Material for this exercise section start

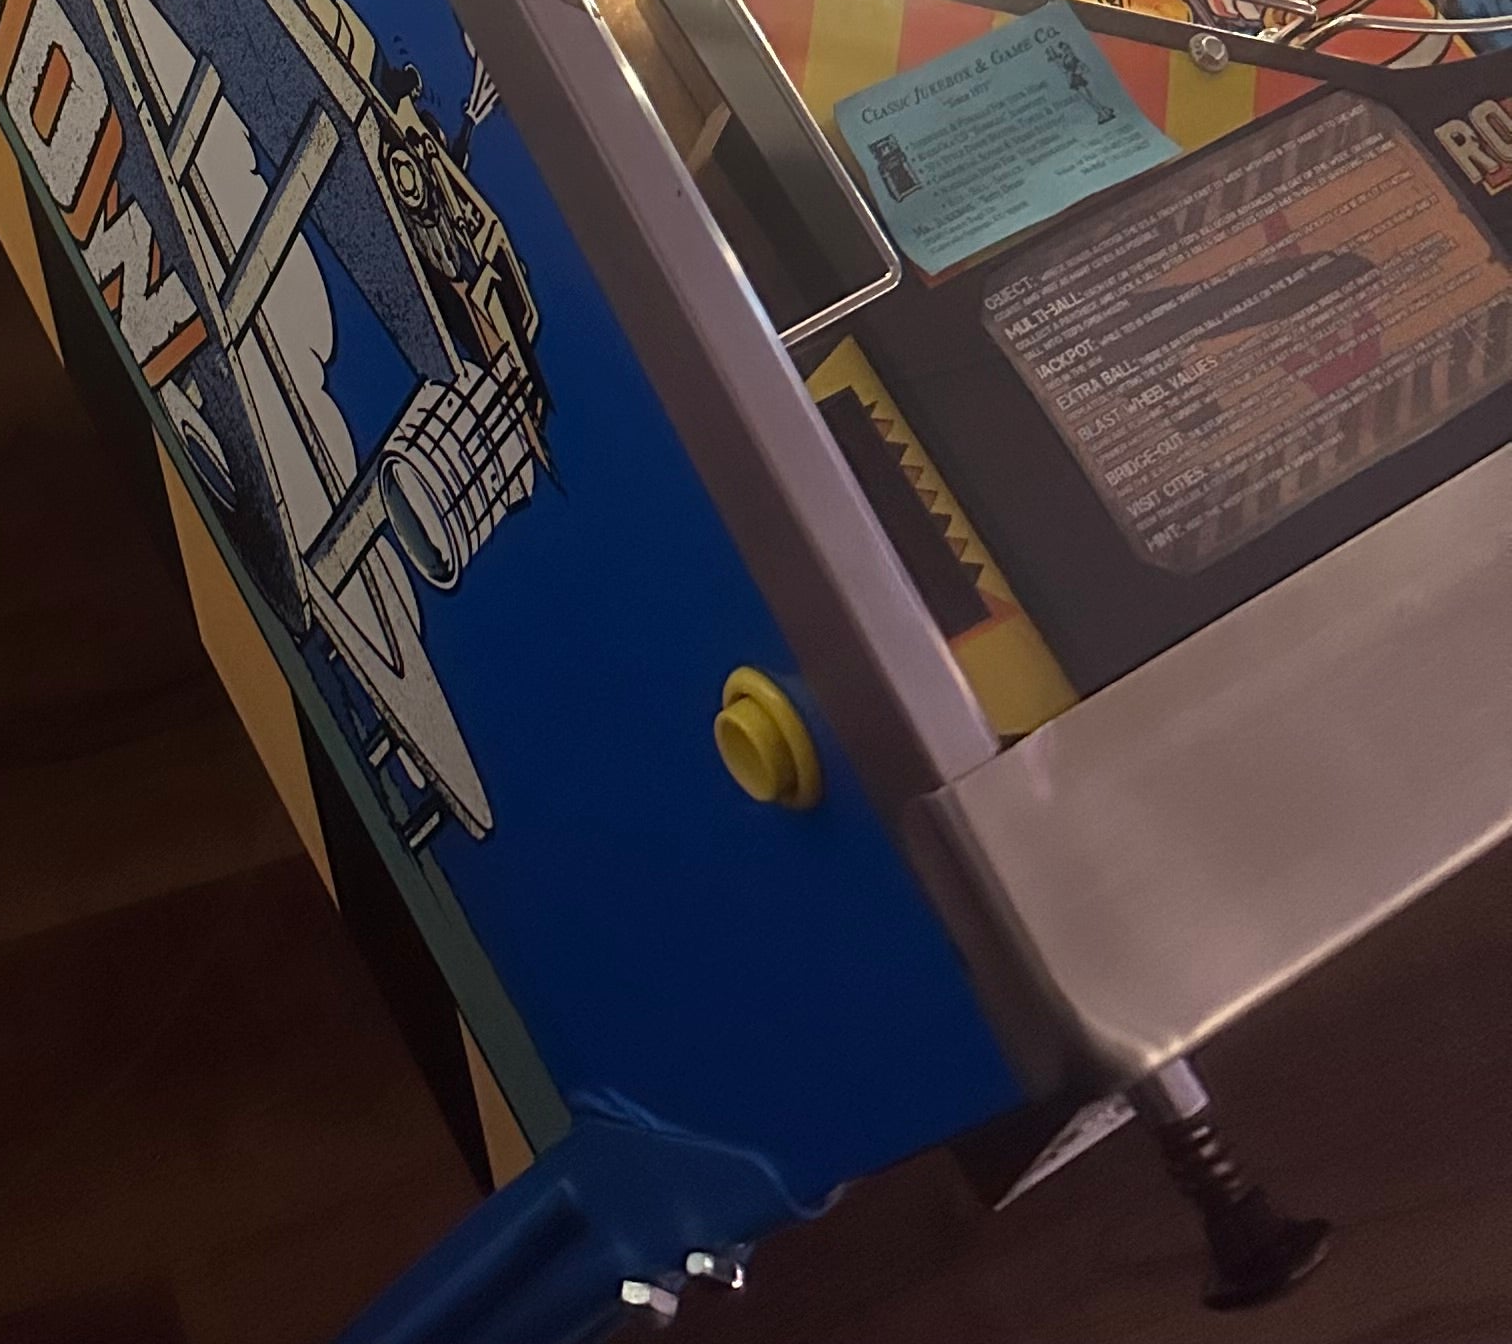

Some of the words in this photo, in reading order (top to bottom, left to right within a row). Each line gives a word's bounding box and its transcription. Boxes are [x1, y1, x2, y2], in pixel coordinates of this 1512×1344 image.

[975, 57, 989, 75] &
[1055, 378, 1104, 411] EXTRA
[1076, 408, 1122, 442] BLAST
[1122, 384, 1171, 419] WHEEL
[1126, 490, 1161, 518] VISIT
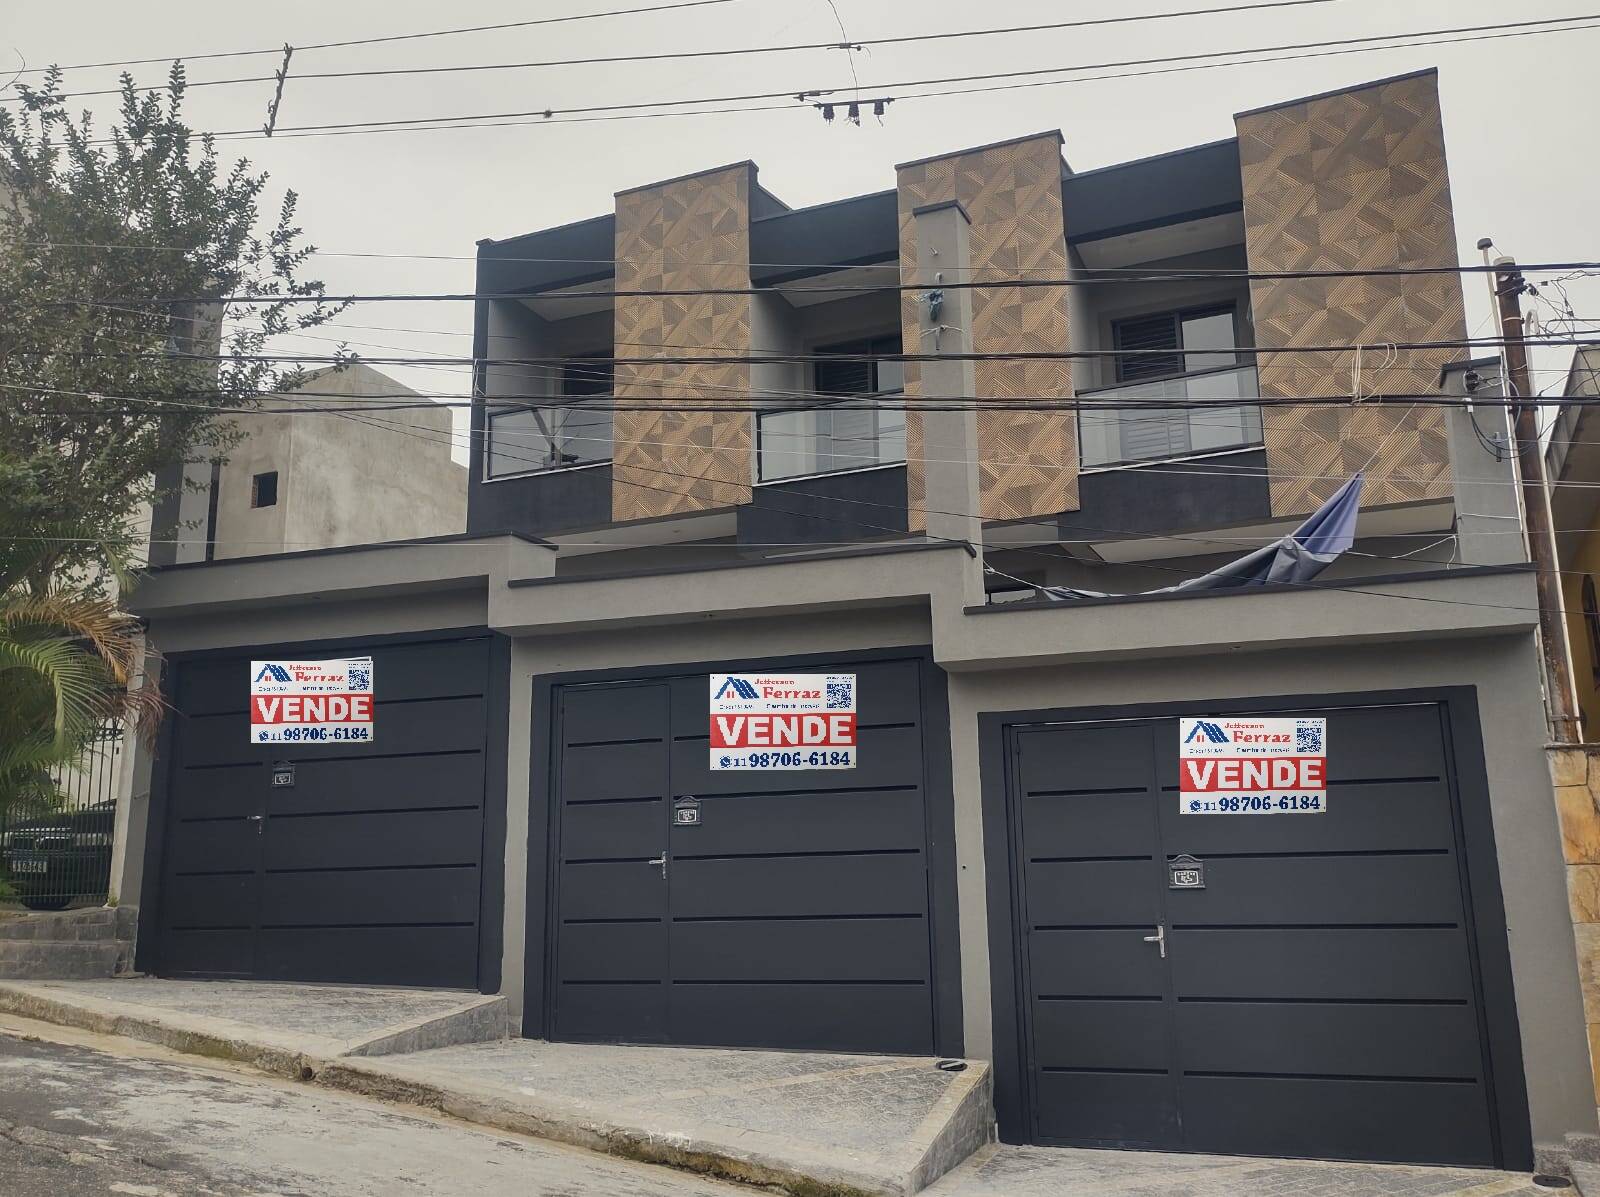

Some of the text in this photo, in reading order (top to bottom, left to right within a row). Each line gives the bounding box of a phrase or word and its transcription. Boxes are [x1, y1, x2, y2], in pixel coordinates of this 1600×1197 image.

Material for this exercise section end

#### What the task asks
Would you please output each record exactly, leaving the images out?

#### Written solution
Some of the words in this photo, in reading order (top to bottom, left to right within a row). Each line gives a word's bounding box and its transcription. Boxes are [x1, y1, x2, y2], in pixel coordinates of this 1512×1344 image.

[975, 57, 989, 75] &
[1055, 378, 1104, 411] EXTRA
[1076, 408, 1122, 442] BLAST
[1122, 384, 1171, 419] WHEEL
[1126, 490, 1161, 518] VISIT

Some of the text in this photo, in reading order (top to bottom, left to right within a row). Each line gives the bounding box of a phrase or word and its transcription. Boxes are [x1, y1, x2, y2], in pixel coordinates of this 1600×1197 image.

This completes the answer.